Saturday 13 November 2010

On the Boil

I can't recall ever having so many gaming projects on the go at once. Back in my wayward youth, I'd concentrate on one game or setting for months, before moving on to the next game and doing the same, all of which often came to naught as the group decided to play something else anyway. I'm sure this is not uncommon within our hobby.

I am working on three unrelated projects at the moment, but on the plus side, much of the work is already done for two of them:

  • Our Pathfinder GM has expressed a desire to experience the game as a player for once. In fairness, this situation has arisen because he's always so full of enthusiasm for running his latest idea for a D&D-variant game, so we let him get on with it. Even so, I've volunteered to run a scenario so he can try the game from the other side of the screen; I have chosen Paizo's Carrion Hill, which is rather appropriate, as whenever I run something it seems to end up as Call of Cthulhu, and now I have an excuse.
  • In the summer, I finally got a chance to run an Eberron game, albeit using Savage Worlds as the ruleset. At some point in December, I'll be running the sequel to that: Savage Eberron II: The Jewel of Galifar. Most of the work is done, but I've taken Stephen King's advice and have put the scenario away so that I can come back to it with fresh eyes in a few weeks. My plan is to run these once or twice a year, as a series of linked adventures, but not quite a campaign.
  • Most recently, I've been brainstorming ideas for a return to my Rogue Trader game.
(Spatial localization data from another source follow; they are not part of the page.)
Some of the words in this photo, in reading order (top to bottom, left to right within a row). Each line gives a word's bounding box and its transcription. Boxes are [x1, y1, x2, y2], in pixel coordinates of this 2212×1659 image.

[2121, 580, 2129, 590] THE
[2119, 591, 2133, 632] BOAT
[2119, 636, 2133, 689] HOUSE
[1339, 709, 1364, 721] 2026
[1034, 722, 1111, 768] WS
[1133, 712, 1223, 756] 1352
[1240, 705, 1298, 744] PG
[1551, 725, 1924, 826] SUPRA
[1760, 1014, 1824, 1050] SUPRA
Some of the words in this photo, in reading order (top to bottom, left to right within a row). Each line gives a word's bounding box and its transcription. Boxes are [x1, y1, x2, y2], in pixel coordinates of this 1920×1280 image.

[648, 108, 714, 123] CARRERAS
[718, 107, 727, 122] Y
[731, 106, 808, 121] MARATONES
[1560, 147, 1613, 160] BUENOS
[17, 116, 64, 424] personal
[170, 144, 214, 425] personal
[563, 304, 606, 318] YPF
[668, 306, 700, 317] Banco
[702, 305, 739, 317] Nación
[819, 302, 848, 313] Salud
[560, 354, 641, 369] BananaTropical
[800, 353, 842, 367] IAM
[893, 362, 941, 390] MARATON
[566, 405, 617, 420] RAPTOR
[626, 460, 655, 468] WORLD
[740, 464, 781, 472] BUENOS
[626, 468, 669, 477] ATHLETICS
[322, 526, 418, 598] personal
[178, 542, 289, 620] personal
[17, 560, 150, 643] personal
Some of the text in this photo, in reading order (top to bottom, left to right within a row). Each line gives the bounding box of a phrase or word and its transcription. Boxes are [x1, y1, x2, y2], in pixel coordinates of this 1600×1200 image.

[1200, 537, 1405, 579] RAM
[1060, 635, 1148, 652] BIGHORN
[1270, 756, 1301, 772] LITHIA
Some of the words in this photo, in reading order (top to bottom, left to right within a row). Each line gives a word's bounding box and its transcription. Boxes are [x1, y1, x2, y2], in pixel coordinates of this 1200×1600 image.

I now have a good outline for the plot of the next chunk of the campaign, which will be a bit more linear before returning to the sandbox of the first "season". Players being the special snowflakes that they are, I expect it to be nowhere as direct a journey as the word "linear" implies.

In other news, we hit seventh level in our ongoing Pathfinder campaign last night, although since I've been blessed by Nurgle I decided to stay away and play via Skype. Which was fine until the camera cut out at their end and the microphone cut out at mine -- so I could only hear them and they could only see me -- and communication consisted of me attempting to figure out what was going on from their discussion and holding up handwritten notes to the camera in response.



From what I could tell things got a bit hairy, with at least two characters into critical condition -- perhaps Stuart can provide a more detailed synopsis -- but the party emerged from the troll caverns victorious and with a sizeable haul of treasure, including a +2 thundering great sword for Stuart's barbarian Artemisia, further nudging her towards the Weapon of Mass Destruction prestige class.